*Task item*.
Retype only the stretch of lines that starts with the line containing "Some of the words" and ends with the last line of the records, both included, exactly.

Referring expression grounding data
---

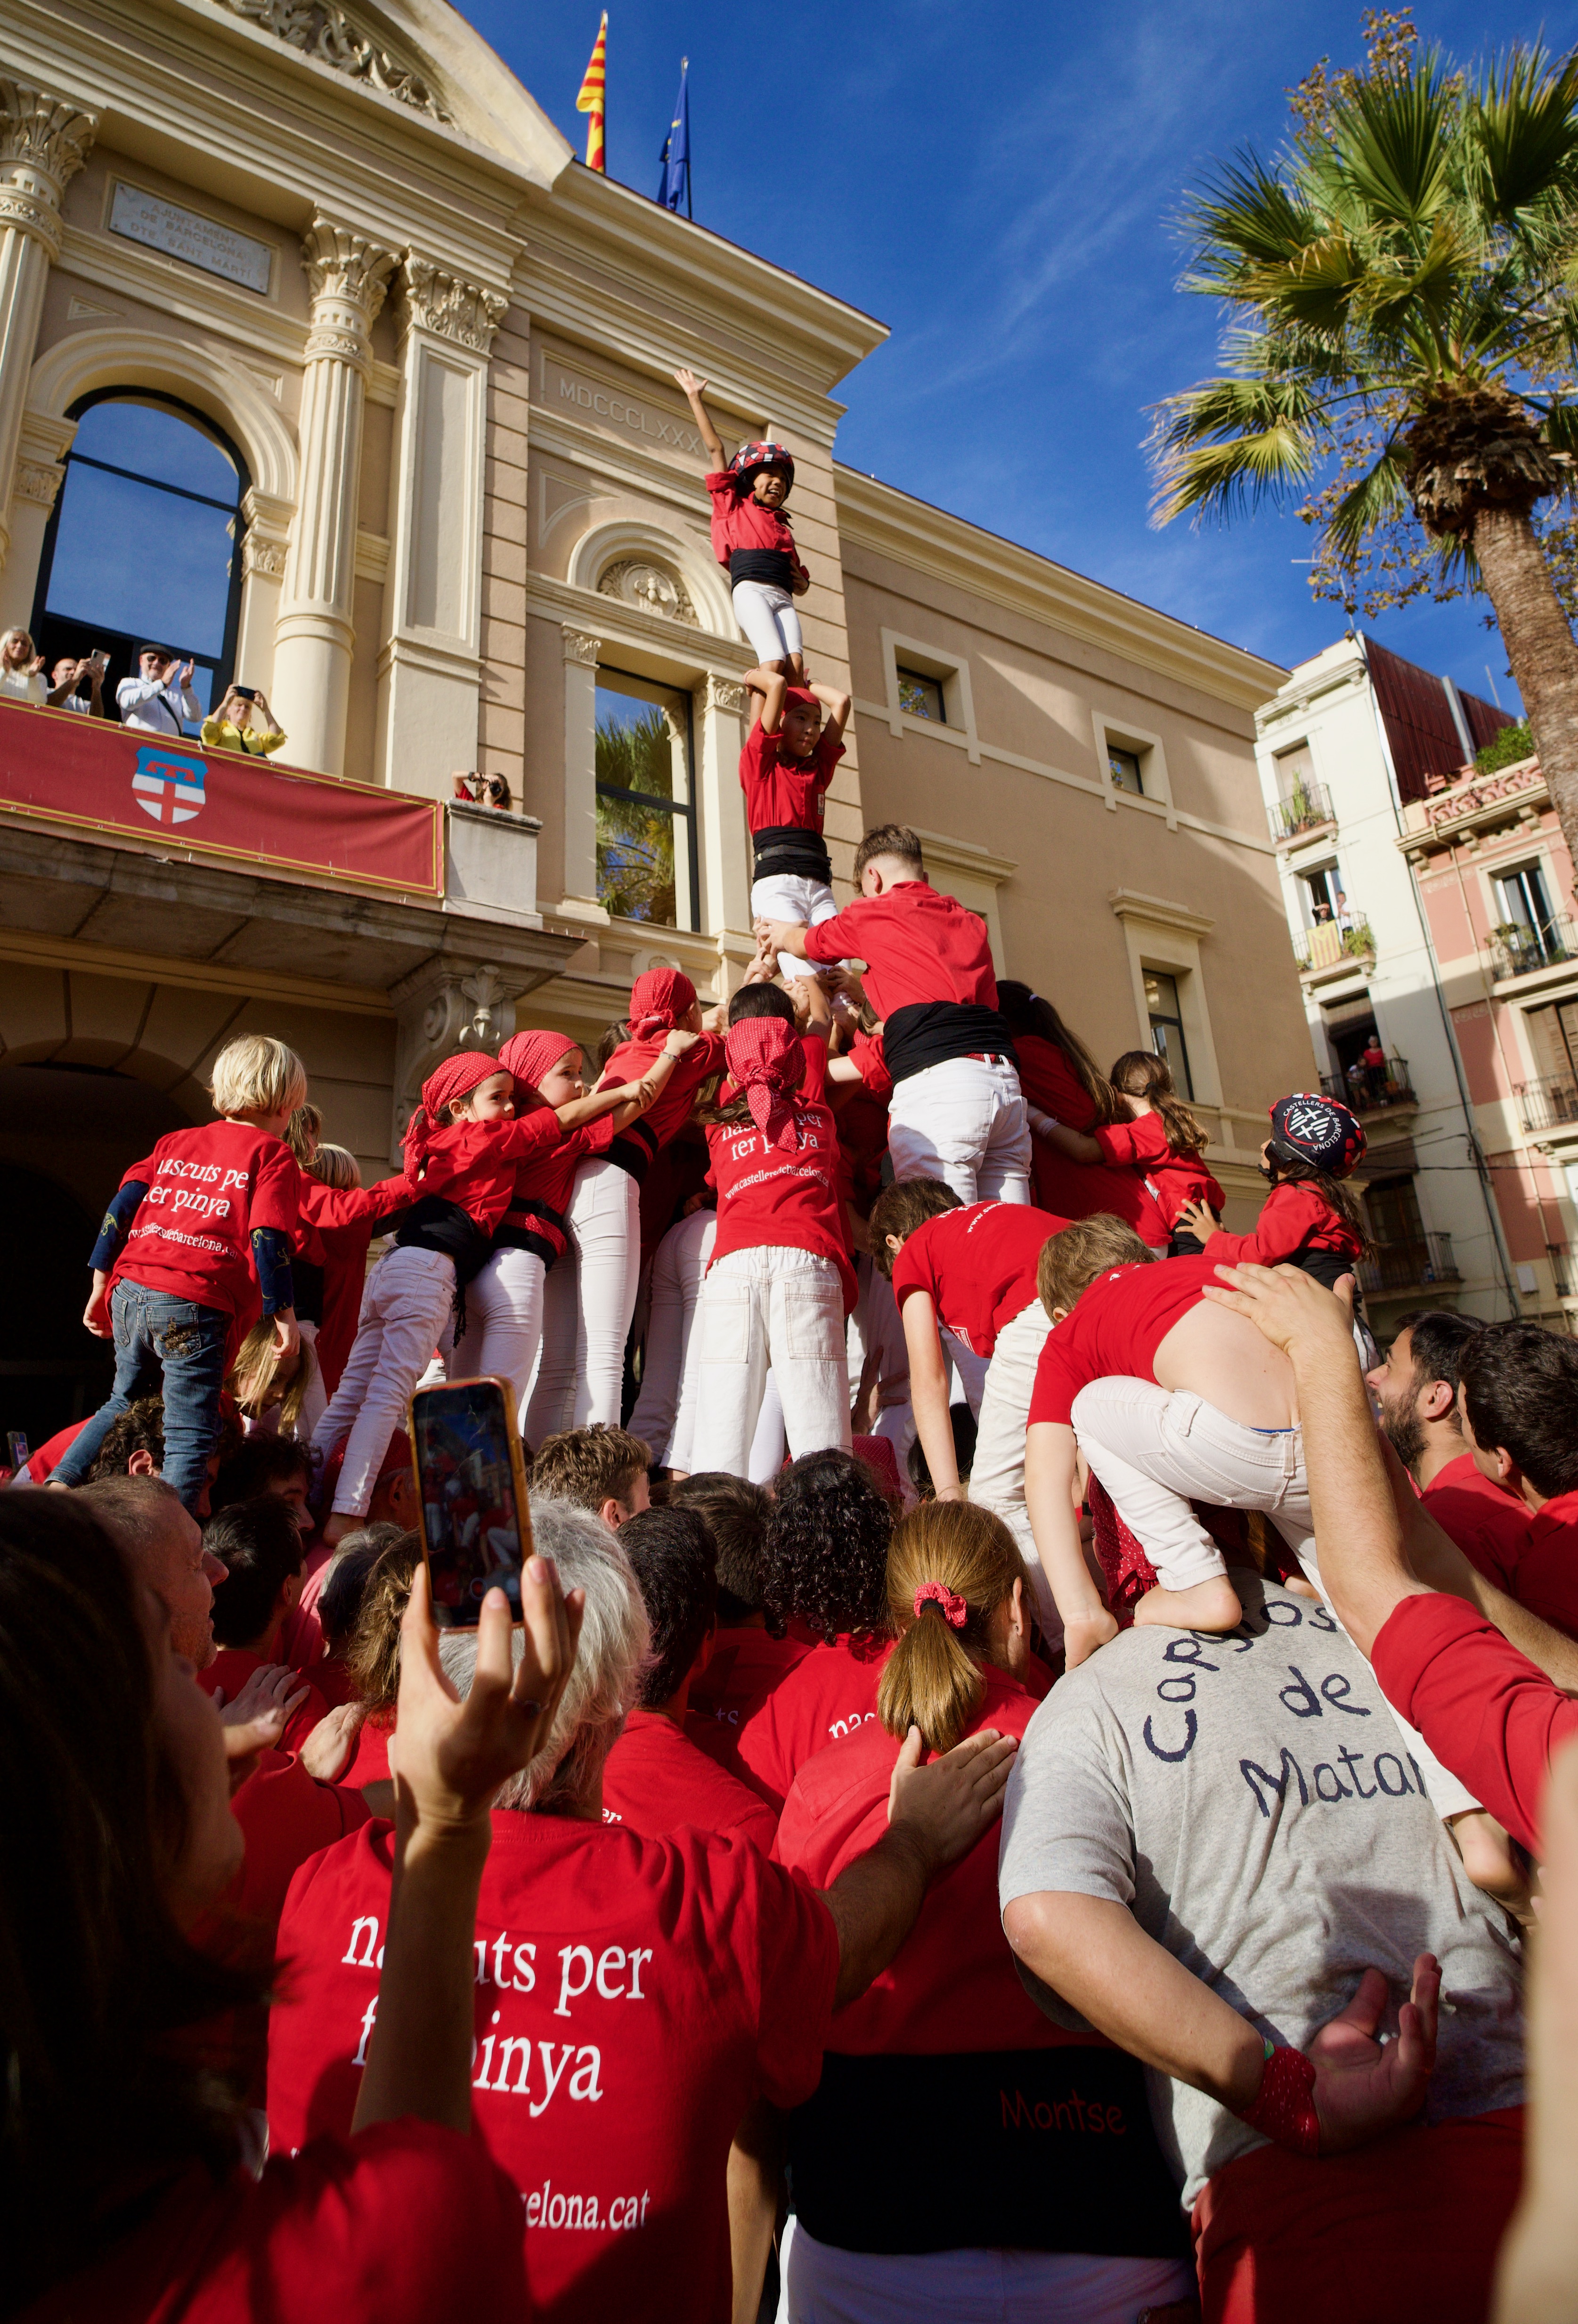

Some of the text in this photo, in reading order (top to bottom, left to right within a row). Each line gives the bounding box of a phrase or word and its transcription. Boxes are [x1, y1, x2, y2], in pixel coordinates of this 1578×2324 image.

[140, 209, 245, 260] DE BARCELONA
[151, 204, 237, 246] AJUNTAMENT
[167, 237, 203, 261] SANT
[761, 1131, 819, 1154] pya
[795, 1111, 822, 1128] per
[1283, 1100, 1342, 1151] CASTELLERS DE BARCELONA
[171, 1187, 231, 1218] pinya
[219, 1168, 250, 1191] pe
[1278, 1665, 1371, 1717] de
[1239, 1745, 1427, 1818] Matar
[554, 1944, 653, 2016] per
[472, 2010, 603, 2117] inya
[1000, 2088, 1127, 2136] Montse
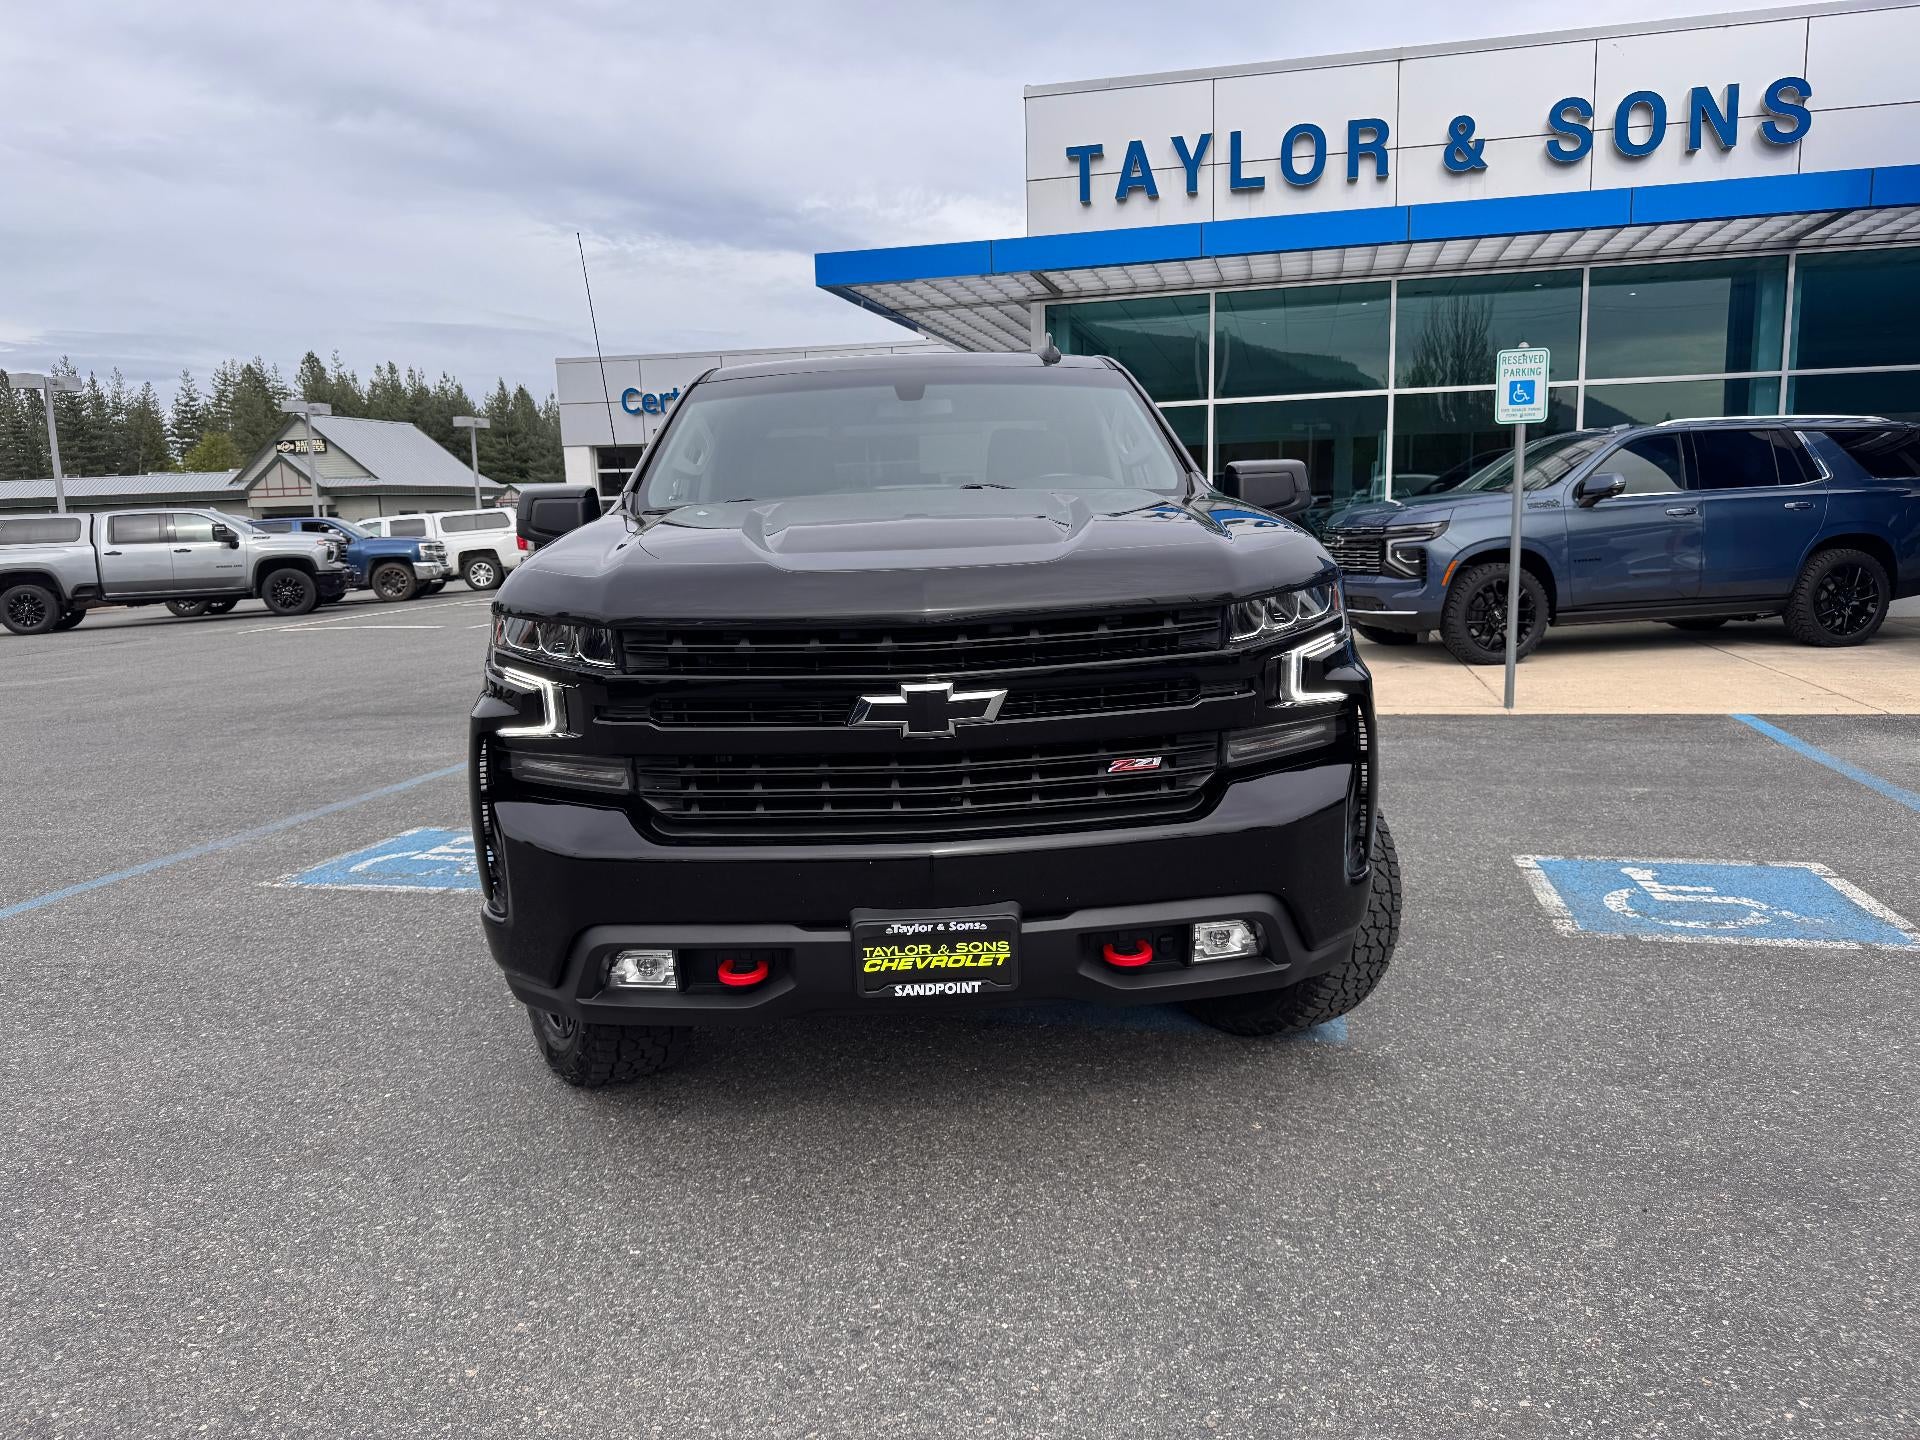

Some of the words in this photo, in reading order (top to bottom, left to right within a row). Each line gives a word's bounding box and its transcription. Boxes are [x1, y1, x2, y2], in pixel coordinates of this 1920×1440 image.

[1066, 117, 1390, 206] TAYLOR
[1443, 114, 1489, 174] &
[1546, 76, 1813, 163] SONS
[1501, 354, 1545, 366] RESERVED
[1503, 367, 1542, 378] PARKING
[621, 384, 687, 416] Cert
[294, 439, 325, 447] NATRAL
[891, 923, 934, 936] Taylor
[936, 923, 945, 931] &
[949, 921, 980, 931] Sons
[863, 944, 932, 958] TAYLOR
[937, 943, 950, 956] &
[955, 940, 1010, 953] SONS
[863, 953, 1011, 973] CHEVROLET
[894, 981, 982, 997] SANDPOINT

---

*Finished exercise*.
Some of the words in this photo, in reading order (top to bottom, left to right within a row). Each line gives a word's bounding box and its transcription. Boxes are [x1, y1, x2, y2], in pixel coordinates of this 1920×1440 image.

[1066, 117, 1390, 206] TAYLOR
[1443, 114, 1489, 174] &
[1546, 76, 1813, 163] SONS
[1501, 354, 1545, 366] RESERVED
[1503, 367, 1542, 378] PARKING
[621, 384, 687, 416] Cert
[294, 439, 325, 447] NATRAL
[891, 923, 934, 936] Taylor
[936, 923, 945, 931] &
[949, 921, 980, 931] Sons
[863, 944, 932, 958] TAYLOR
[937, 943, 950, 956] &
[955, 940, 1010, 953] SONS
[863, 953, 1011, 973] CHEVROLET
[894, 981, 982, 997] SANDPOINT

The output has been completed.